_REQUIREMENT:_ Transcribe the data underneath exactly, keeping every word in place.

(Stored dataset items)
☆ ☆ ☆ ☆ ☆ ☆ ☆
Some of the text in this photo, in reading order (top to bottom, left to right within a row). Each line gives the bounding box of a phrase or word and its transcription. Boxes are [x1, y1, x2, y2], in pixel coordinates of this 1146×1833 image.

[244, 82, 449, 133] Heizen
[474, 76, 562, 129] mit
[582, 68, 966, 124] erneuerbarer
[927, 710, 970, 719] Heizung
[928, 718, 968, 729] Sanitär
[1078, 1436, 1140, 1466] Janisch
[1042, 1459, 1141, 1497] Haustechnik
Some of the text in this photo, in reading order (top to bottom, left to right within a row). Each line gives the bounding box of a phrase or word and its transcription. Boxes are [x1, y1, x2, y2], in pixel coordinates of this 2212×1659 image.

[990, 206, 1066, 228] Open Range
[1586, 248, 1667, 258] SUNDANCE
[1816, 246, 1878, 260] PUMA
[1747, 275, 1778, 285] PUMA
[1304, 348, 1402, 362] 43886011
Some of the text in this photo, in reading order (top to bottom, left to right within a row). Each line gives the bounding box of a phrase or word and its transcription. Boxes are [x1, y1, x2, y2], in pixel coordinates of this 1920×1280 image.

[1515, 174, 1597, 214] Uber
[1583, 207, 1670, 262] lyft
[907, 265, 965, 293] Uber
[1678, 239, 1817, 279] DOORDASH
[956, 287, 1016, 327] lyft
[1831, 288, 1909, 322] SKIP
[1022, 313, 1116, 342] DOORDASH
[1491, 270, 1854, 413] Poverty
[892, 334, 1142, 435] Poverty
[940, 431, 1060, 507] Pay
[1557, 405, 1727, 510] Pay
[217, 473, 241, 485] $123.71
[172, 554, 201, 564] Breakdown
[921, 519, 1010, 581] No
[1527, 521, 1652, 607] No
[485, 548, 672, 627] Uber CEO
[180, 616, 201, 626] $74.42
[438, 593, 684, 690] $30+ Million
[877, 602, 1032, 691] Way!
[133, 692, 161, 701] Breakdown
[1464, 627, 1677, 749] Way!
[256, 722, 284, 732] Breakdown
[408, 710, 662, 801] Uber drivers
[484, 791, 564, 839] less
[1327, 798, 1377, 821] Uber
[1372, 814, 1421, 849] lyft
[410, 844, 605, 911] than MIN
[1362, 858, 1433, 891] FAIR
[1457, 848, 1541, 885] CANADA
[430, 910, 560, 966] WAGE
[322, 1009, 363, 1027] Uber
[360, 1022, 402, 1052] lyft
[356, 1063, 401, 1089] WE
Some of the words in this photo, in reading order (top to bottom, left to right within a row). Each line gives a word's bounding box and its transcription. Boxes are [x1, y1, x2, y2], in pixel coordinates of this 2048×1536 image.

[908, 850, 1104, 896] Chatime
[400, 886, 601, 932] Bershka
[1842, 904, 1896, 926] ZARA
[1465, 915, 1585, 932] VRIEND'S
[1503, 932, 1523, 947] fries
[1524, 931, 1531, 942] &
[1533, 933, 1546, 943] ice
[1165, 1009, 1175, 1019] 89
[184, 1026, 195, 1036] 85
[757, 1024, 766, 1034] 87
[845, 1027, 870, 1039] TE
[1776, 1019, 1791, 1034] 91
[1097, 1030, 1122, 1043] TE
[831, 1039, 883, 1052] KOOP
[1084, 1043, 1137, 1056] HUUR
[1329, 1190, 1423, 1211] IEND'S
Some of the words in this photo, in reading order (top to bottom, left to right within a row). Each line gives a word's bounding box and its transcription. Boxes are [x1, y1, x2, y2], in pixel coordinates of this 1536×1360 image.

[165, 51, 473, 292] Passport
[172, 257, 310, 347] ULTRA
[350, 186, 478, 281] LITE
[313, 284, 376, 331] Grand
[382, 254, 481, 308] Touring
☆ ☆ ☆ ☆ ☆ ☆ ☆
_ANSWER TO THE EXERCISE:_
Some of the text in this photo, in reading order (top to bottom, left to right within a row). Each line gives the bounding box of a phrase or word and its transcription. Boxes are [x1, y1, x2, y2], in pixel coordinates of this 1146×1833 image.

[244, 82, 449, 133] Heizen
[474, 76, 562, 129] mit
[582, 68, 966, 124] erneuerbarer
[927, 710, 970, 719] Heizung
[928, 718, 968, 729] Sanitär
[1078, 1436, 1140, 1466] Janisch
[1042, 1459, 1141, 1497] Haustechnik
Some of the text in this photo, in reading order (top to bottom, left to right within a row). Each line gives the bounding box of a phrase or word and its transcription. Boxes are [x1, y1, x2, y2], in pixel coordinates of this 2212×1659 image.

[990, 206, 1066, 228] Open Range
[1586, 248, 1667, 258] SUNDANCE
[1816, 246, 1878, 260] PUMA
[1747, 275, 1778, 285] PUMA
[1304, 348, 1402, 362] 43886011
Some of the text in this photo, in reading order (top to bottom, left to right within a row). Each line gives the bounding box of a phrase or word and its transcription. Boxes are [x1, y1, x2, y2], in pixel coordinates of this 1920×1280 image.

[1515, 174, 1597, 214] Uber
[1583, 207, 1670, 262] lyft
[907, 265, 965, 293] Uber
[1678, 239, 1817, 279] DOORDASH
[956, 287, 1016, 327] lyft
[1831, 288, 1909, 322] SKIP
[1022, 313, 1116, 342] DOORDASH
[1491, 270, 1854, 413] Poverty
[892, 334, 1142, 435] Poverty
[940, 431, 1060, 507] Pay
[1557, 405, 1727, 510] Pay
[217, 473, 241, 485] $123.71
[172, 554, 201, 564] Breakdown
[921, 519, 1010, 581] No
[1527, 521, 1652, 607] No
[485, 548, 672, 627] Uber CEO
[180, 616, 201, 626] $74.42
[438, 593, 684, 690] $30+ Million
[877, 602, 1032, 691] Way!
[133, 692, 161, 701] Breakdown
[1464, 627, 1677, 749] Way!
[256, 722, 284, 732] Breakdown
[408, 710, 662, 801] Uber drivers
[484, 791, 564, 839] less
[1327, 798, 1377, 821] Uber
[1372, 814, 1421, 849] lyft
[410, 844, 605, 911] than MIN
[1362, 858, 1433, 891] FAIR
[1457, 848, 1541, 885] CANADA
[430, 910, 560, 966] WAGE
[322, 1009, 363, 1027] Uber
[360, 1022, 402, 1052] lyft
[356, 1063, 401, 1089] WE
Some of the words in this photo, in reading order (top to bottom, left to right within a row). Each line gives a word's bounding box and its transcription. Boxes are [x1, y1, x2, y2], in pixel coordinates of this 2048×1536 image.

[908, 850, 1104, 896] Chatime
[400, 886, 601, 932] Bershka
[1842, 904, 1896, 926] ZARA
[1465, 915, 1585, 932] VRIEND'S
[1503, 932, 1523, 947] fries
[1524, 931, 1531, 942] &
[1533, 933, 1546, 943] ice
[1165, 1009, 1175, 1019] 89
[184, 1026, 195, 1036] 85
[757, 1024, 766, 1034] 87
[845, 1027, 870, 1039] TE
[1776, 1019, 1791, 1034] 91
[1097, 1030, 1122, 1043] TE
[831, 1039, 883, 1052] KOOP
[1084, 1043, 1137, 1056] HUUR
[1329, 1190, 1423, 1211] IEND'S
Some of the words in this photo, in reading order (top to bottom, left to right within a row). Each line gives a word's bounding box and its transcription. Boxes are [x1, y1, x2, y2], in pixel coordinates of this 1536×1360 image.

[165, 51, 473, 292] Passport
[172, 257, 310, 347] ULTRA
[350, 186, 478, 281] LITE
[313, 284, 376, 331] Grand
[382, 254, 481, 308] Touring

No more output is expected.